Relators argue that this clause applies to “any litigation based on, or arising out of ․ the lending relationship,” and that Developer's claims against CSFB arise out of the original lending relationship between Developer and Mortgage Capital. We must read the clause as a whole, rather than isolating a certain word, phrase, or sentence.3 See Coastal Chem, Inc. v. Brown, 35 S.W.3d 90, 94 (Tex.App.-Houston [14th Dist.] 2000, pet. denied). Read as a whole, this clause expressly contemplates two separate categories of litigation claims.
The first category of claims described by Paragraph 6.19 comprises those claims we may summarize as the “document-based claims,” and includes all litigation relating to the Loan Agreement, cash management agreement, or any other loan documents concerning the original $39.5 million loan that was the subject of the Loan Agreement. Because CSFB did not sign these documents, claims against it do not fall within “document-based claims.”
The second category of claims described by Paragraph 6.19 comprises “conduct-based claims” including courses of conduct or dealing, statements, and actions of the “BORROWER” or the “LENDER” that relate to the original loan or to the lending relationship. Fraud claims such as those advanced by Developer, which rely upon verbal statements alleged to have been untrue when uttered, arguably fall into this category. However, Paragraph 6.19 applies only to conduct of the “BORROWER” or the “LENDER.” 4 On the signature page to the Loan Agreement, the “BORROWER” is identified as “1001 MCKINNEY LTD.” The “LENDER” is named as “CREDIT SUISSE FIRST BOSTON MORTGAGE CAPITAL, LLC.” The term “LENDER” does not mention Credit Suisse First Boston, L.L.C., and Paragraph 6.19 does not expressly include the conduct of any “affiliate” to the contracting parties. We cannot redraft the terms of this contract to impose additional terms. See Fein v. R.P.H., Inc., 68 S.W.3d 260, 267 (Tex.App.-Houston [14th Dist.] 2002, pet. denied).
Developer's fraud claim against “LENDER” Mortgage Capital is expressly included in Paragraph 6.19. Therefore, Developer has contractually waived its right to have those claims tried to a jury.
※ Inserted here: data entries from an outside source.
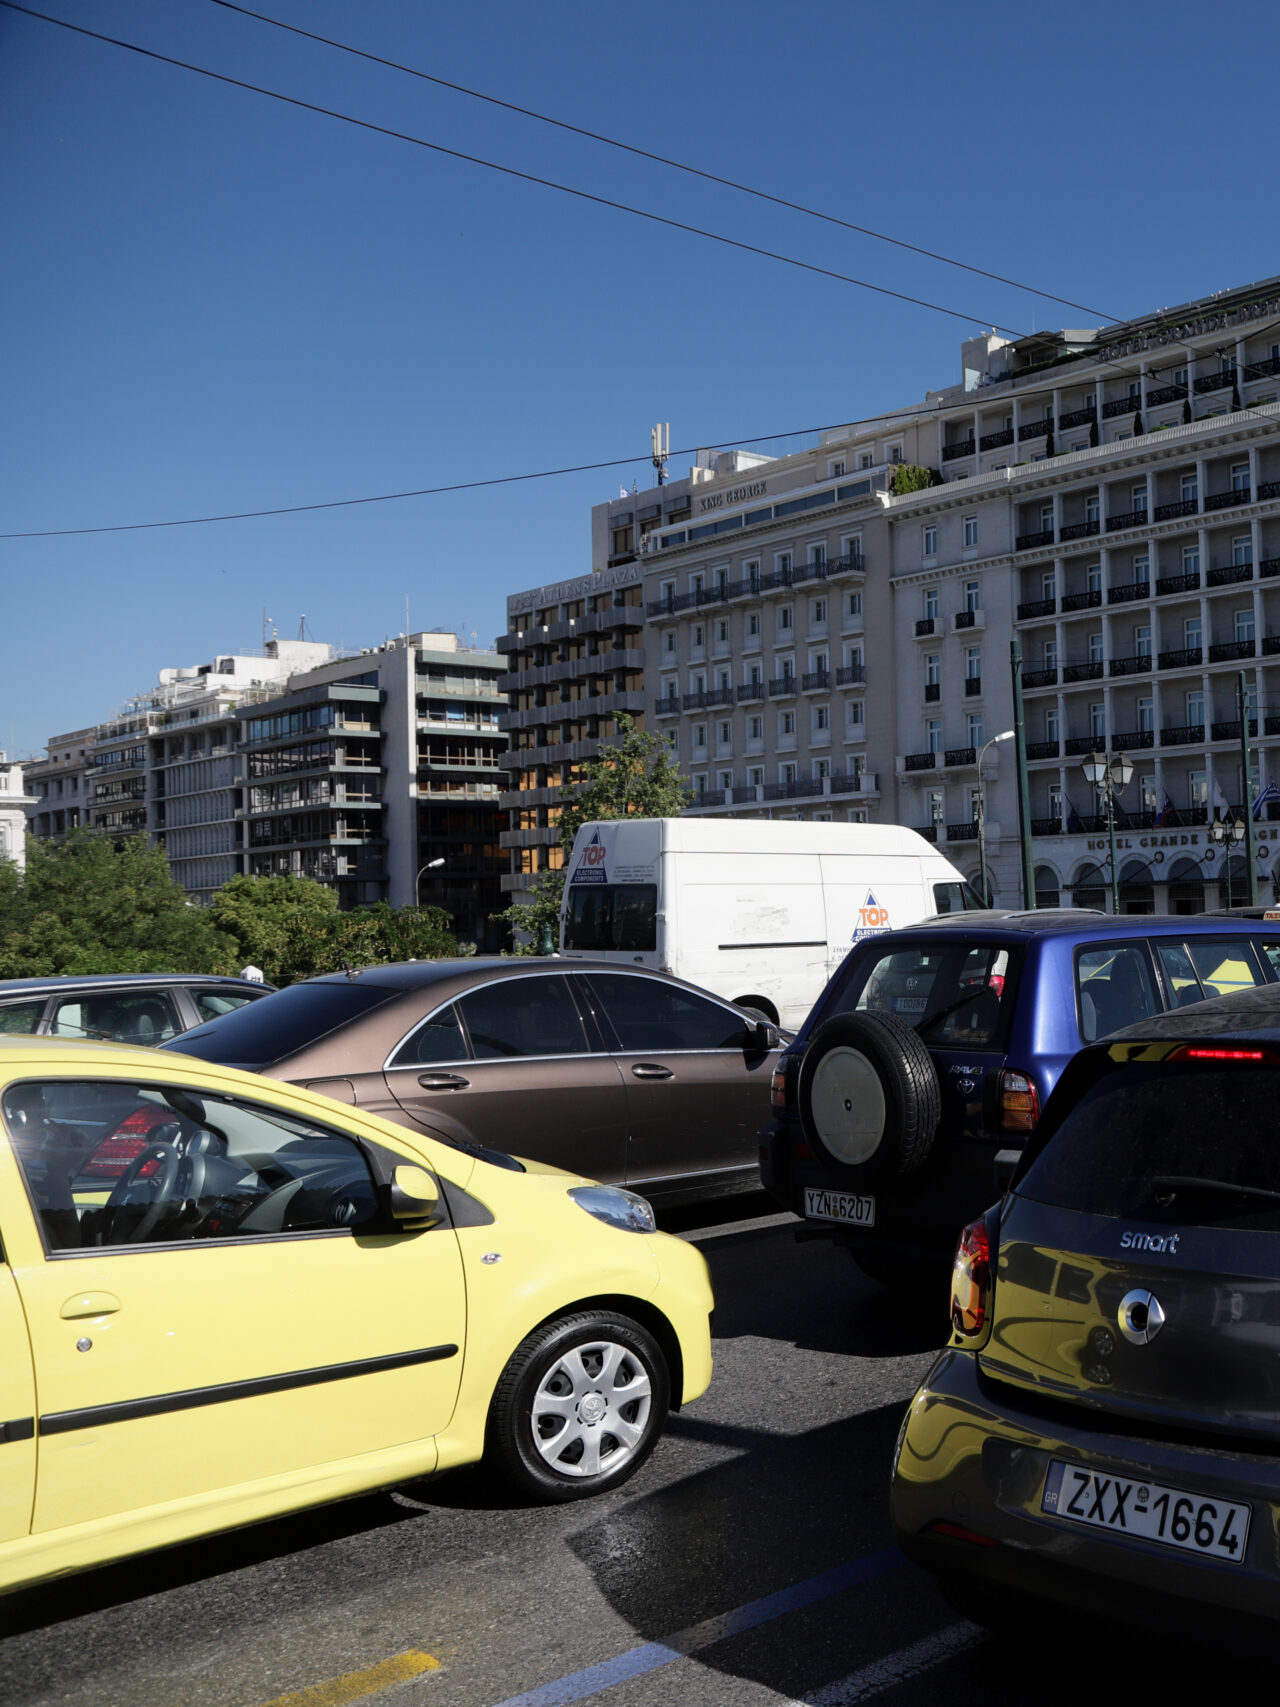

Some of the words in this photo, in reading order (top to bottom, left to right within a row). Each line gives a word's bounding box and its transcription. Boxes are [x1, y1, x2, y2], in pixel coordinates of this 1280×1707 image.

[700, 495, 723, 511] KING
[727, 481, 767, 504] GEORGE
[539, 581, 589, 605] ATHENS
[592, 567, 638, 591] PLAZA
[1140, 834, 1199, 848] GRANDE
[583, 846, 606, 866] TOP
[859, 907, 888, 926] TOP
[1120, 1231, 1180, 1254] smart
[1044, 1490, 1058, 1505] GR
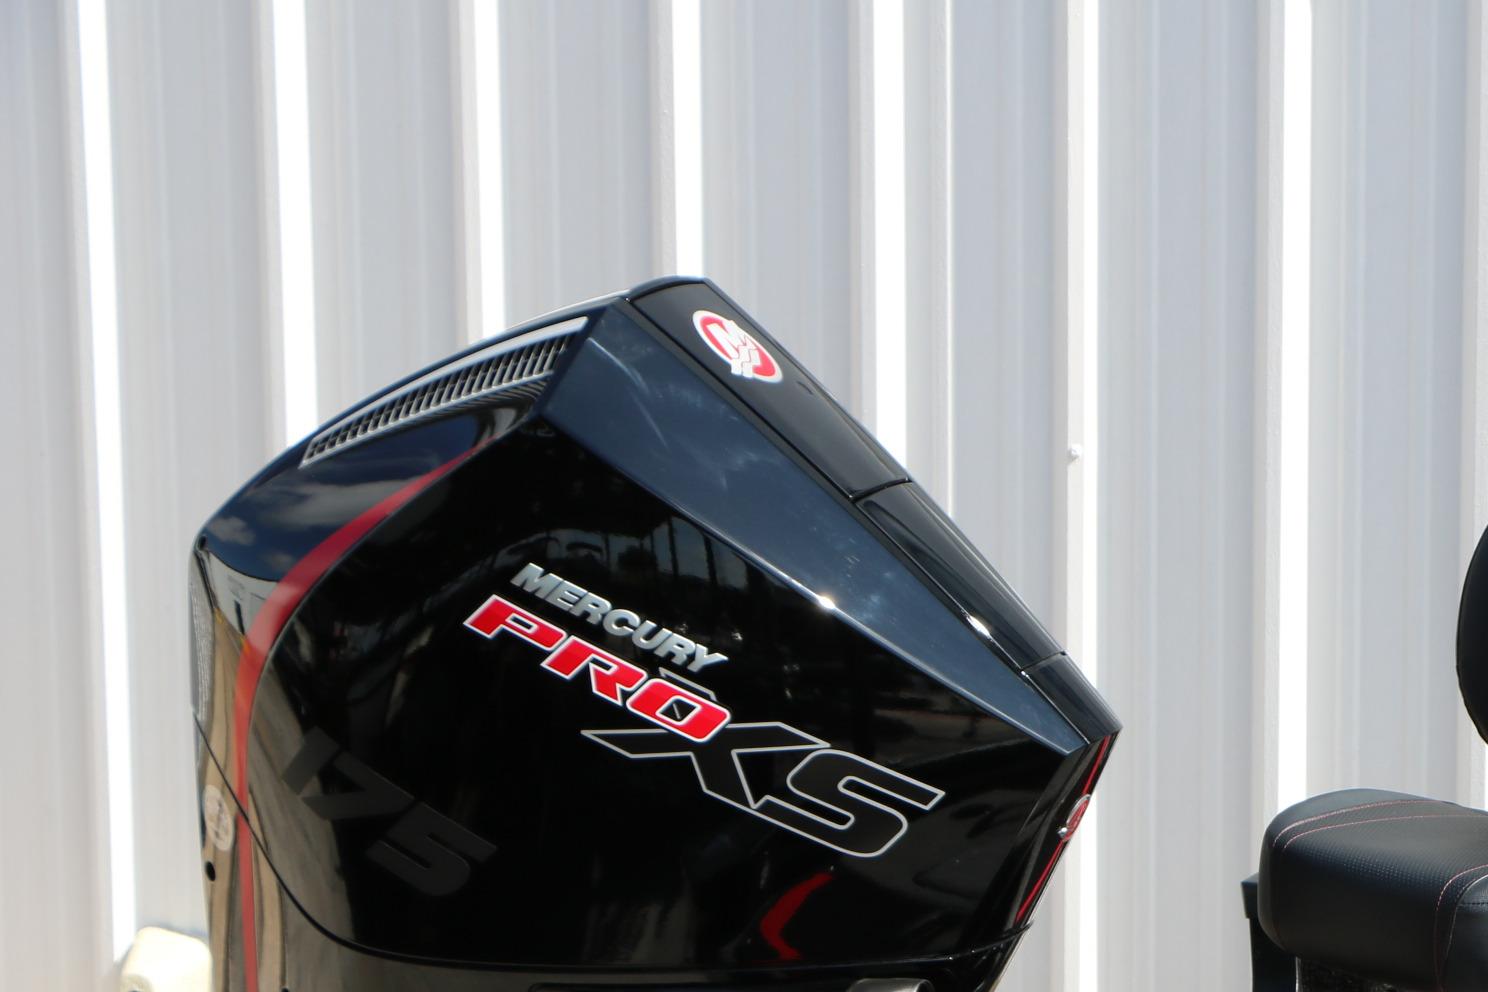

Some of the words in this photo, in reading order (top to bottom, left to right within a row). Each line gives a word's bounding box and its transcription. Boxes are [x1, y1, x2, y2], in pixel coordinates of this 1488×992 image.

[462, 593, 732, 743] PRO
[509, 562, 728, 673] MERCURY
[581, 668, 946, 858] XS
However, Paragraph 6.19 does not unambiguously evidence a knowing and voluntary waiver of Developer's fraud claim against nonsignatory CSFB. We hold that the trial court did not abuse its discretion in interpreting the jury waiver clause so as to exclude Developer's fraud claim against nonsignatory CSFB. Accordingly, we overrule relators' first issue.
In their second issue, relators argue that the trial court abused its discretion by refusing to apply direct-benefits equitable estoppel to Developer's fraud claim against CSFB. In the arbitration context, the area in which direct-benefits estoppel has been most frequently applied, a nonsignatory may be able to enforce an arbitration provision against a contract signatory that “seeks, through the claim, to derive a direct benefit from the contract containing the arbitration provisions.” In re Weekley Homes, L.P., 180 S.W.3d 127, 131 (Tex.2005) (orig.proceeding). Relators' rationale is that Developer must rely upon the existence and terms of the Loan Agreement in proving its common-law fraud claims against CSFB; therefore, they assert that the jury waiver clause contained in the contract signed by Developer should apply to Developer's fraud claim against nonsignatory CSFB. Developer responds that its claims arise outside of, and do not depend upon, the Agreement.
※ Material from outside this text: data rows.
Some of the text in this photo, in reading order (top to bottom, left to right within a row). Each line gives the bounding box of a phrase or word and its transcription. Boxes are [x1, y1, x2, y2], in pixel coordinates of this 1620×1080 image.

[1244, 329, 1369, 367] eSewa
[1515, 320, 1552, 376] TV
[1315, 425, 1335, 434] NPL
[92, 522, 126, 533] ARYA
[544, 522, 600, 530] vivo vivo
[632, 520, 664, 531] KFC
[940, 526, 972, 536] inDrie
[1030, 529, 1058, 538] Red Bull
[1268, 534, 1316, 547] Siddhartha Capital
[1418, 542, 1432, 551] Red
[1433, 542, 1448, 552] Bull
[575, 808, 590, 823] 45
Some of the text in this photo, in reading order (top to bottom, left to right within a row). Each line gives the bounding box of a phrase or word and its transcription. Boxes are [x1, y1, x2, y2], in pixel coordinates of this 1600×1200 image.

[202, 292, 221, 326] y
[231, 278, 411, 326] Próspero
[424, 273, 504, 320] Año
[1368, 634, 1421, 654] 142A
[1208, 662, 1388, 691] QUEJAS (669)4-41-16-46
We decline to recognize direct-benefits estoppel as a vehicle by which a jury waiver clause may be applied to claims against a party that did not sign the contract containing the clause. We are unaware of any court, in Texas or elsewhere, that has applied direct-benefits estoppel to a jury waiver provision.5 We recognize that Texas courts have occasionally referenced arbitration principles in deciding jury-waiver issues. See Prudential, 148 S.W.3d at 131; Wells Fargo, 115 S.W.3d at 607. However, these occasional references do not signal a departure from the longstanding principle that jury waivers are disfavored in Texas. Nor can Prudential or Wells Fargo be read as placing jury-waiver provisions on the same footing as arbitration clauses. These mechanisms cannot be treated interchangeably merely because they both lead to decisions by factfinders other than jurors. Jury waiver provisions and arbitration clauses implicate significantly different policies and principles.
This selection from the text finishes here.